Cappella del Corporale, Crocifissione, particolare
Le immagini della cappella diventavano perciò le pagine di un libro dipinto sulle pareti, dove traspariva in filigrana la storia Giuseppe e del vaso miracoloso, simbolo dell’eucarestia. Nessuna meraviglia, quindi, se la figura di Giuseppe d’Arimatea trasmetteva ai fedeli sia il magistero della Chiesa, sia i significati della leggenda, che si compenetravano in un unico e affascinante racconto in cui veniva esaltato il ruolo preminente del discepolo durante la Passione:
“O Signore Iddio, che tramite Pilato hai voluto concedere il corpo adorabile del Tuo figlio Gesù, al beato Giuseppe d’Arimatea, uomo giusto che aspettava il Tuo regno: accetta per intercessione di questo Tuo stesso discepolo Giuseppe, lo spirito del Tuo diletto figlio Gesù; affinché Egli possa dirigerci sulla terra ed illuminarci nei cieli”(da un’antica orazione tratta dagli Acta Sanctorum). Grande onore agli Apostoli che amministrarono il corpo eucaristico del Signore, ma anche al venerabile Giuseppe d’Arimatea che, di fronte al mondo, fu ritenuto degno di custodire il corpo carnale di Gesù “preservandolo dalla corruzione della morte”.
Egli, in realtà, lo conservò nell’intimo del proprio cuore come nel segreto del sepolcro, portandolo dentro di sé in un vaso interiore, spirituale.

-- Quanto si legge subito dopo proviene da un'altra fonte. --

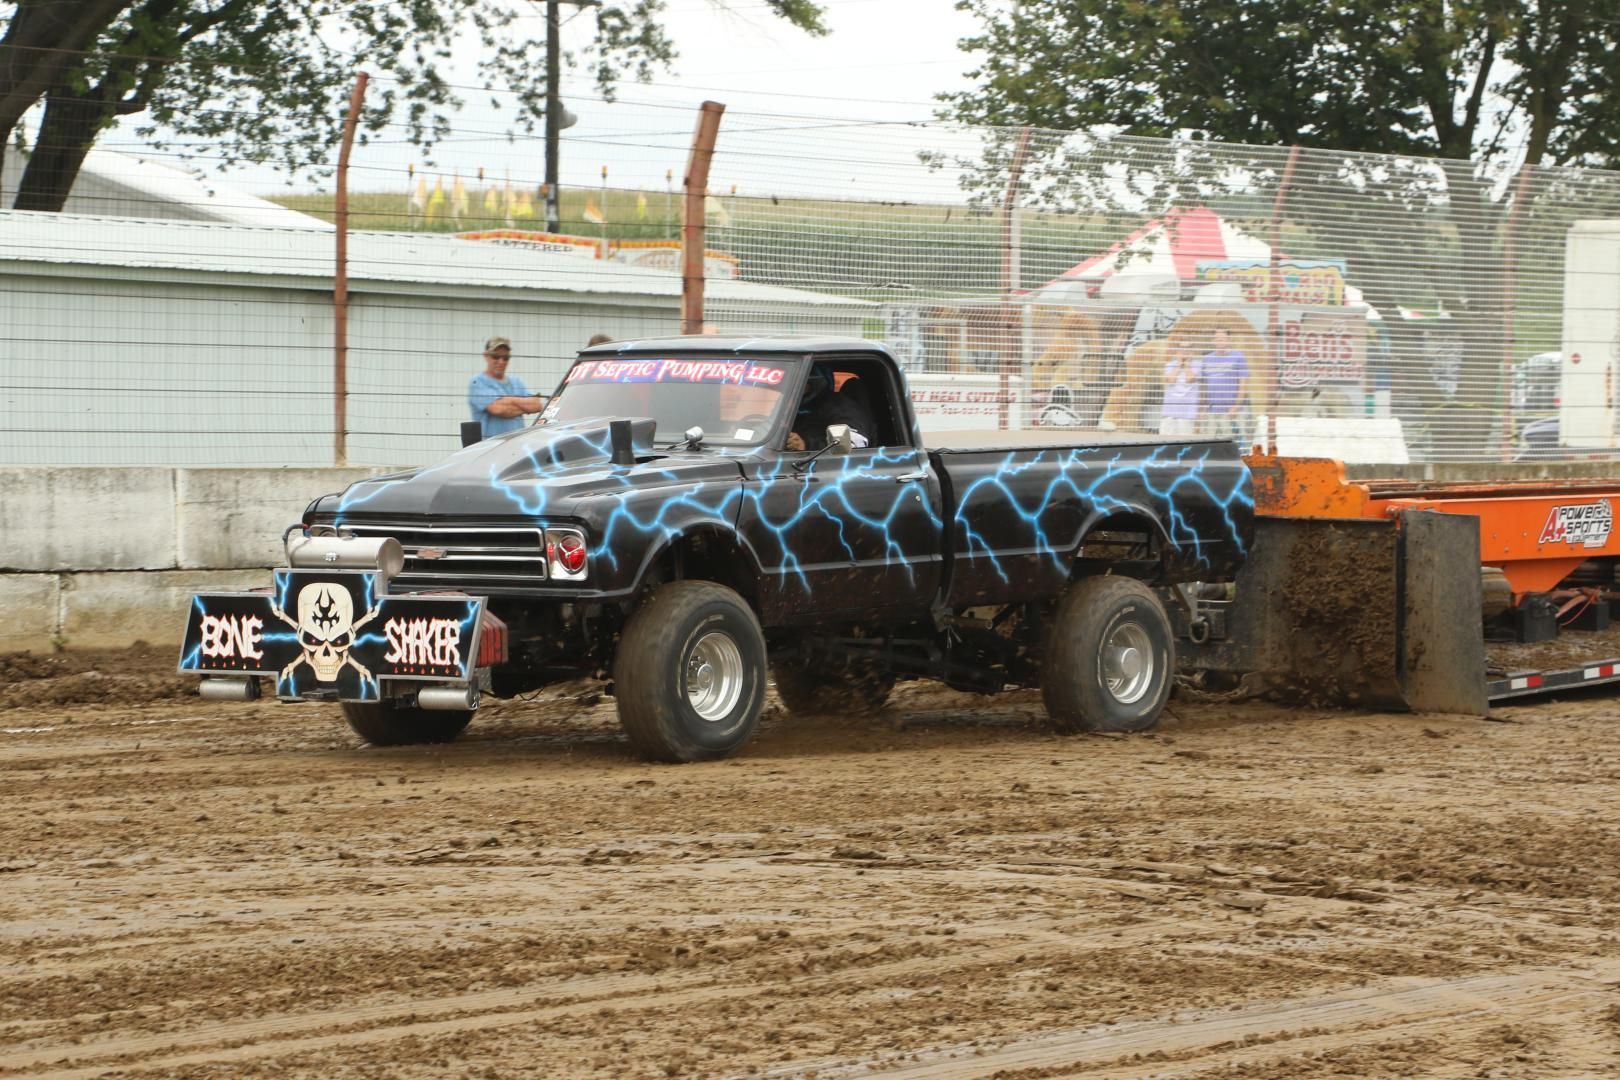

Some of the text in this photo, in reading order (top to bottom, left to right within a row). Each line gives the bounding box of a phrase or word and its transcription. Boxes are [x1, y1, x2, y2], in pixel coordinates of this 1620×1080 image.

[592, 360, 657, 380] SEPTIC
[656, 358, 748, 383] PUMPING
[745, 364, 785, 385] LLC
[965, 391, 1017, 403] CUTTIG
[1566, 520, 1610, 535] SPORTS
[200, 614, 463, 666] BONE SHAKER

Per questo - affermava il grande Beda il Venerabile - “più grande ancora è il suo merito presso Dio” al punto che, nell’anno 1585, il cardinale Baronio iscrisse il suo nome nel Martirologio(2): da allora, il 17 marzo di ogni anno, la Chiesa universale ricorda il discepolo e ciò fece per il Signore.
(fine prima parte)
NOTE:
(1) Dai “Quaderni medioevali” di F.Cardini.
(2) Nel Martirologio si fa riferimento a un catalogo del 1435, appartenente all’archivio della Basilica Vaticana, dove è riportata l’esistenza di “un reliquiario (fatto realizzare sotto il pontificato di Clemente VIII) a forma di braccio d’argento che tiene una tenaglia, nel quale è conservato il santo braccio di San Giuseppe d’Arimatea, nobile decurione, che depose dalla croce il corpo del nostro Salvatore".